Nel suo ragionamento il giurista richiama anche un esempio emblematico: il Premio di Filosofia “Viaggio a Siracusa”, nato nel 1998 grazie ai professori Roberto Fai ed Elio Cappuccio e promosso dal Collegio Siciliano di Filosofia. Un’iniziativa che aveva rappresentato una significativa esperienza nel panorama filosofico nazionale, con giurie presiedute da figure di assoluto prestigio come Remo Bodei e Umberto Curi, premi dedicati ad autori di saggi filosofici, tesi di dottorato e riviste specialistiche, oltre a incontri e convegni con protagonisti del pensiero contemporaneo.
Sallicano ricorda il valore culturale di quella manifestazione, arrivata anche a contribuire al percorso che portò al conferimento della cittadinanza onoraria di Siracusa a Jacques Derrida, considerato uno dei più importanti filosofi del secondo Novecento. La progressiva perdita di attenzione istituzionale verso quell’esperienza, secondo il giurista, sarebbe diventata un simbolo più generale di una fase di indebolimento dell’offerta culturale organizzata in città.
Una riflessione che arriva fino all’attuale situazione della biblioteca comunale di via dei Santi Coronati. Sallicano, facendo riferimento al “Piano delle alienazioni e valorizzazioni immobiliari 2026/2028” segnalatogli dall’avvocato Paolo Cavallaro, consigliere comunale d’opposizione, evidenzia la previsione dell’alienazione degli immobili che ospitano attualmente la biblioteca, classificati tra quelli strategicamente “non rilevanti”.
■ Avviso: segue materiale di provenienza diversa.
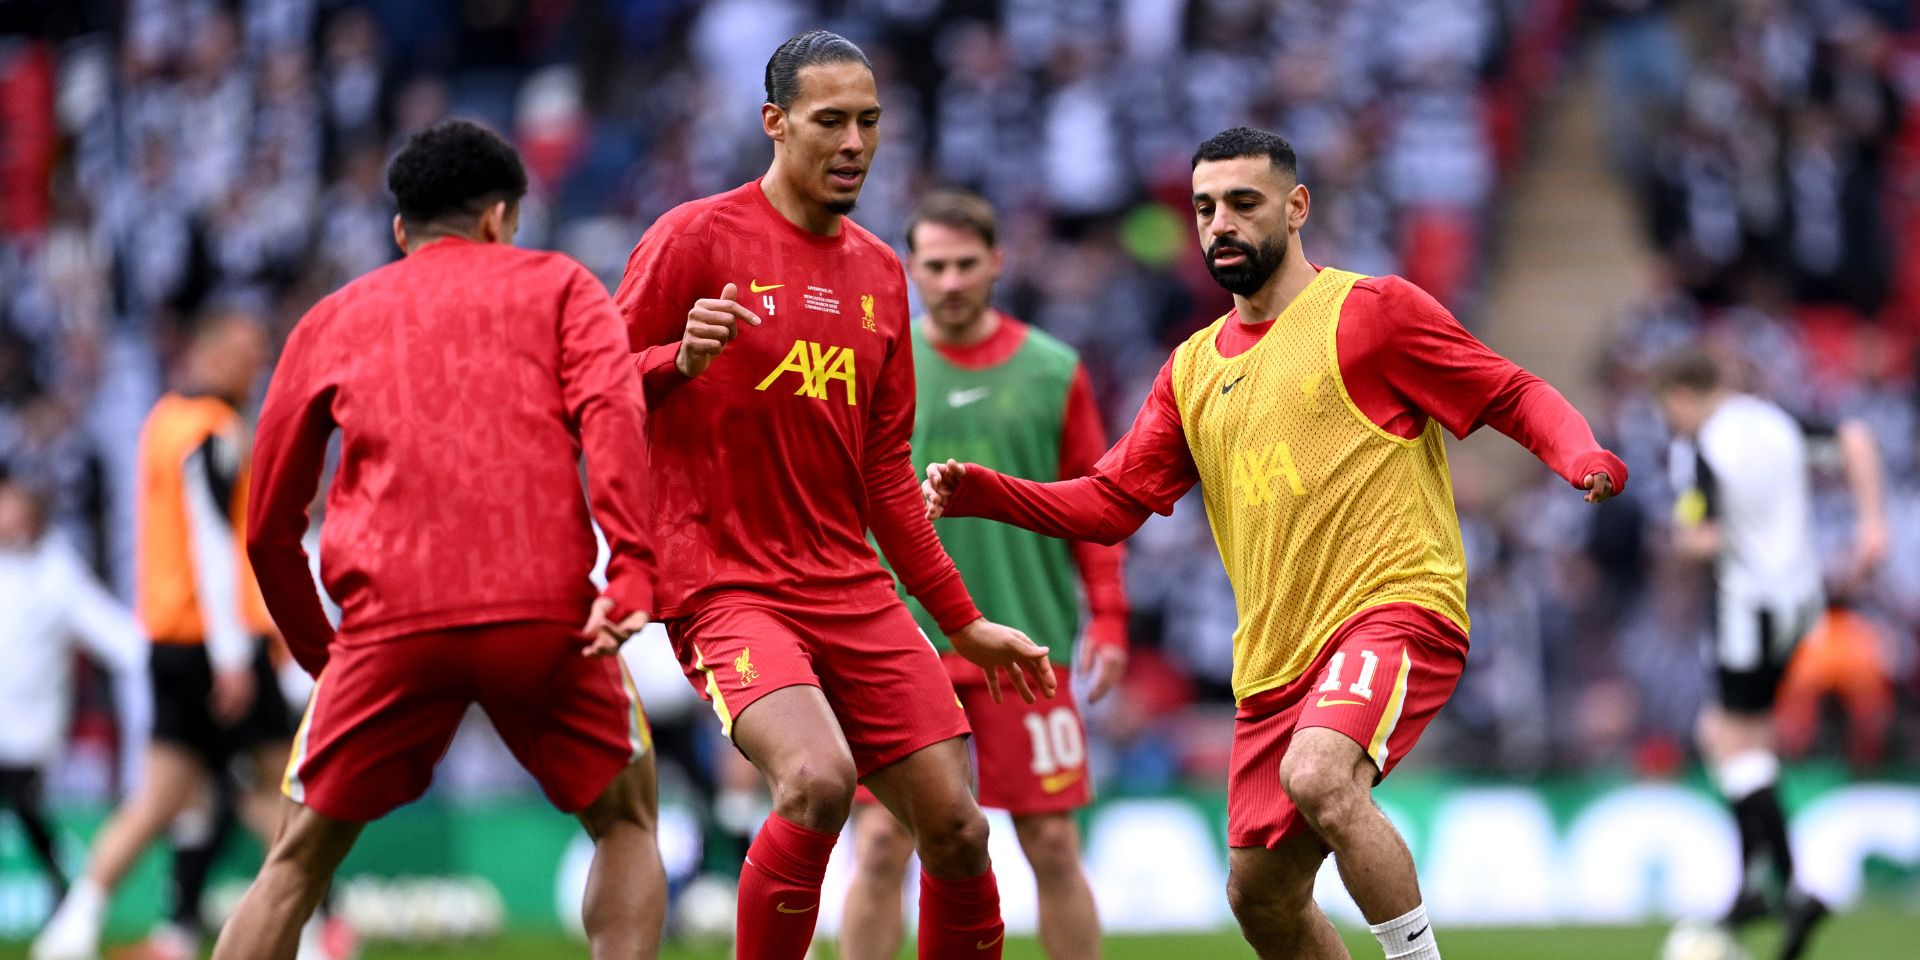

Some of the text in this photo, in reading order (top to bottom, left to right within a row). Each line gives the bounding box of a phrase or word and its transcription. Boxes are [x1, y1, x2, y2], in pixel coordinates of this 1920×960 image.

Un passaggio che, secondo l’opinionista, necessita di particolare attenzione. Se da un lato nel piano rientra tra gli immobili strategicamente rilevanti il cosiddetto Palazzo della Cultura, l’ex Liceo “Tommaso Gargallo”, individuato come futura sede della nuova biblioteca comunale, dall’altro resta il nodo della tempistica e del coordinamento degli interventi.
Il timore espresso da Sallicano è che la dismissione degli attuali locali possa avvenire prima della piena disponibilità della nuova sede, con il conseguente rischio di difficoltà organizzative e, soprattutto, di dispersione di un patrimonio librario di grande valore. Tra i beni custoditi dalla biblioteca, infatti, figurano volumi antichi e preziosi che rappresentano una parte significativa della memoria culturale della città.
Il giurista richiama quindi la necessità che ogni trasferimento avvenga con adeguate garanzie, mettendo al primo posto la salvaguardia dei libri e della loro fruizione pubblica. La biblioteca, secondo Sallicano, deve essere pensata non soltanto come un contenitore di testi, ma come un luogo moderno, accessibile e capace di coinvolgere l’intera cittadinanza.
Da qui anche la riflessione sulla collocazione della futura struttura: pur riconoscendo il valore storico del centro cittadino, Sallicano sottolinea l’esigenza di spazi più funzionali, facilmente raggiungibili e dotati di servizi adeguati, affinché la biblioteca possa diventare un autentico punto di incontro e partecipazione. “Vivere la biblioteca è partecipare”, è il principio che sintetizza la sua visione.
L’appello finale è rivolto a tutte le forze politiche e istituzionali, oltre le appartenenze e le responsabilità gestionali. “Nutro ancora la speranza – conclude Sallicano – che i principi sopra esposti rappresentino un comune sentire al di là delle collocazioni politiche”.
Una richiesta di confronto e responsabilità che pone al centro un tema più ampio: la difesa della cultura come investimento sul futuro. Perché, nella prospettiva indicata dal legale, una biblioteca non custodisce soltanto libri, ma conserva la storia di una comunità e la possibilità di immaginare ciò che verrà.